If we fail to effectively manage our growth, our business, financial condition, operating results and cash flows could be adversely affected.
We have expanded our operations rapidly in recent years. For example, our total revenue increased from $1.13 billion for the fiscal year ended February 29, 2012 to $1.33 billion for the fiscal year ended February 28, 2013. Moreover, the total number of our employees increased from over 4,500 as of February 29, 2012 to approximately 5,600 as of February 28, 2013 and is expected to generally increase in the foreseeable future. In addition, we continue to explore ways to extend our offerings and geographic reach. Our growth has placed and will likely continue to place a strain on our management systems, information systems, resources and internal controls. Our ability to successfully provide our offerings and implement our business plan requires adequate information systems and resources, internal controls and oversight from our senior management.
As we expand in international markets, these challenges increase as a result of the need to support a growing business in an environment of multiple languages, cultures, customs, legal systems, dispute resolution systems, regulatory systems and commercial practices.
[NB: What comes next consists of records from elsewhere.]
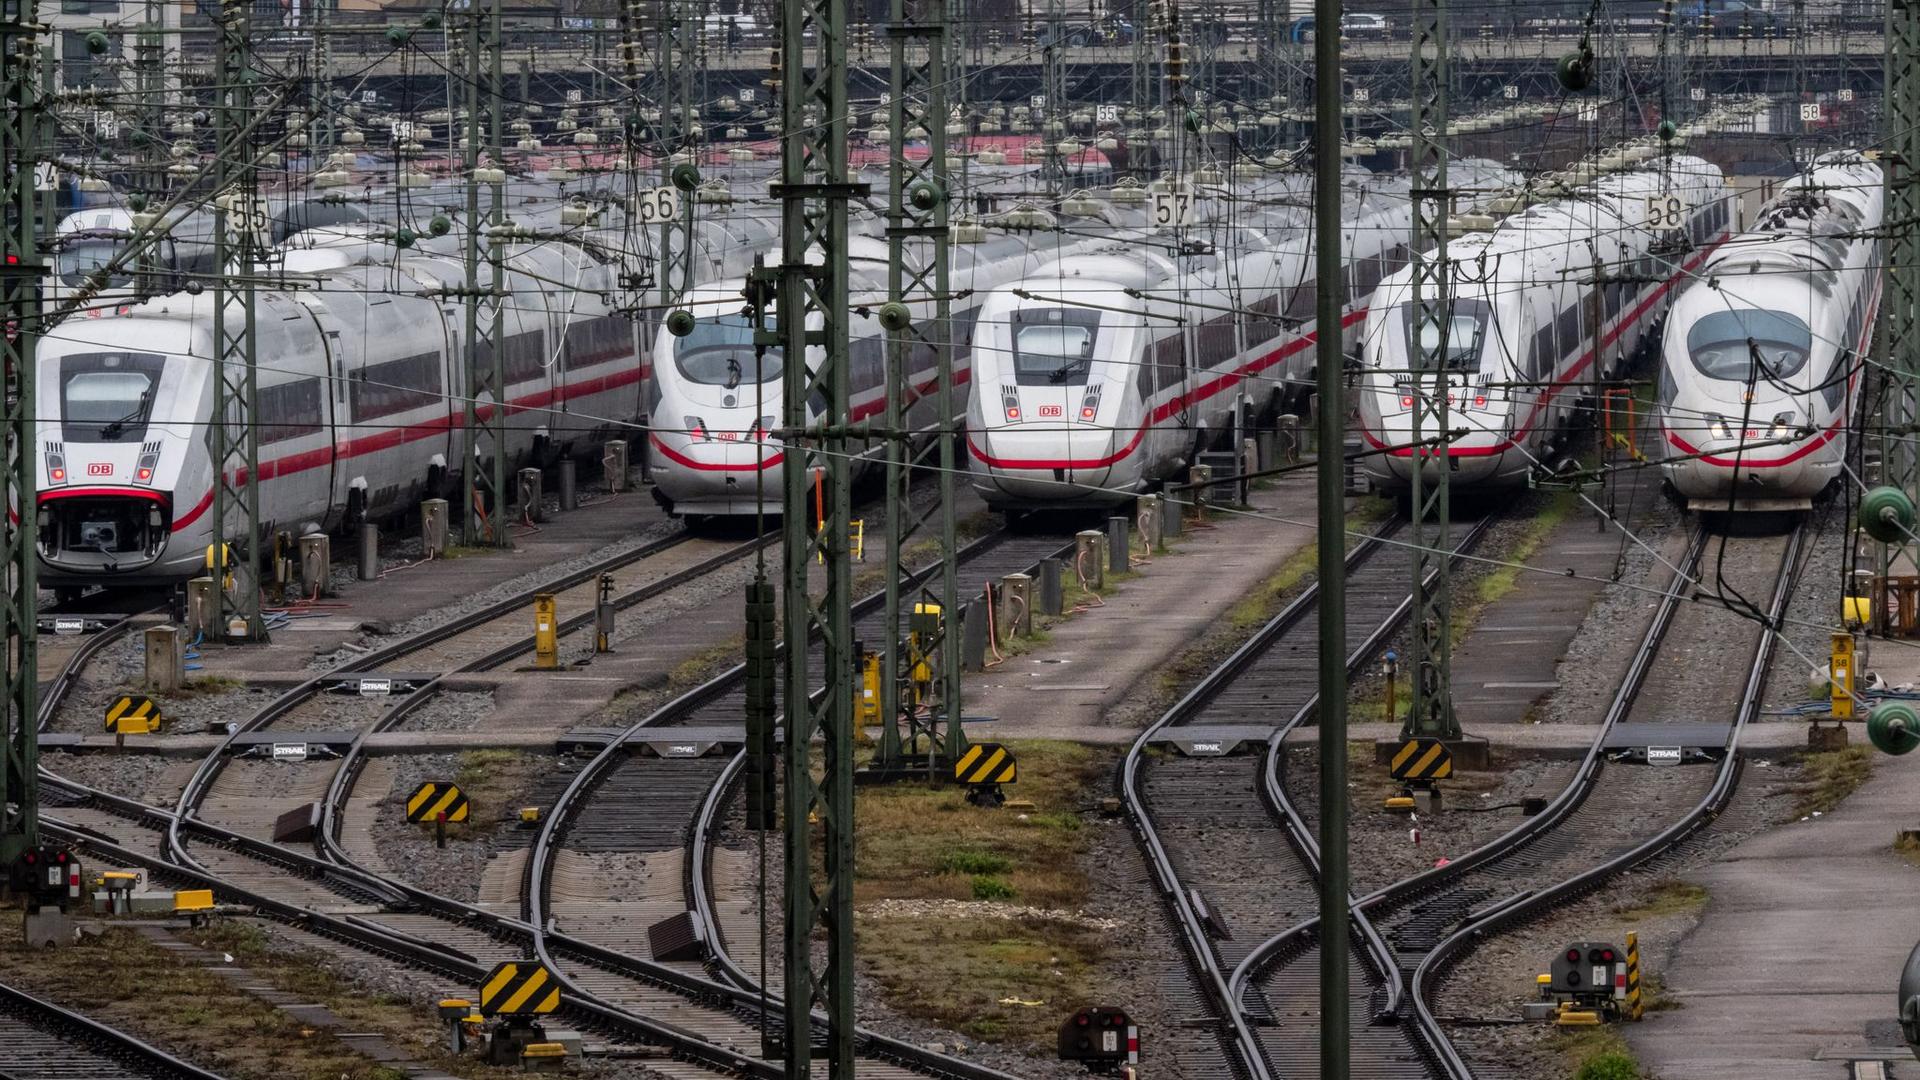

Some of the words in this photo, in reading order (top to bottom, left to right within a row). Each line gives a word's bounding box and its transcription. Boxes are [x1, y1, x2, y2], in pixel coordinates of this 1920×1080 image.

[1840, 90, 1851, 101] 58
[1099, 106, 1115, 120] 55
[1803, 105, 1819, 120] 58
[640, 189, 673, 220] 56
[1156, 194, 1188, 224] 57
[233, 200, 266, 229] 55
[1648, 196, 1681, 226] 58
[1041, 407, 1060, 416] DB
[90, 464, 111, 475] DB
[1835, 659, 1847, 667] 58
[361, 682, 389, 690] STRAIL
[275, 747, 306, 755] STRAIL
[1650, 750, 1680, 758] STRAIL
As we grow, we must also continue to hire, train, supervise and manage new employees. We may not be able to adequately screen and hire or adequately train, supervise and manage sufficient personnel or develop management, or effectively manage and develop our controls and oversight functions and information systems to adequately manage our growth effectively. If we are unable to effectively manage our growth, our business, financial condition, operating results and cash flows could be adversely affected.
Industry consolidation may lead to increased competition and may adversely affect our business, financial condition, operating results and cash flows.
There has been a trend of consolidation in the technology industry. We expect this trend to continue as companies attempt to strengthen or hold their market positions in an evolving industry. For example, as the
19
Table of Contents
computing, networking, storage, and software technologies that comprise the enterprise data center converge, many companies seek to position themselves as key or single-source vendors providing end-to-end technology solutions for the data center. Also, some of our current and potential competitors have made acquisitions or announced new strategic alliances designed to position them as a key or single-source vendor. As a result of these developments, we face greater competition, including competition from entities that are among our key business partners. This increased competition could adversely affect our business, financial condition, operating results and cash flows.
Because of the characteristics of open source software, there are few technology barriers to entry into the open source market by new competitors and it may be relatively easy for competitors, some of which may have greater resources than we have, to enter our markets and compete with us.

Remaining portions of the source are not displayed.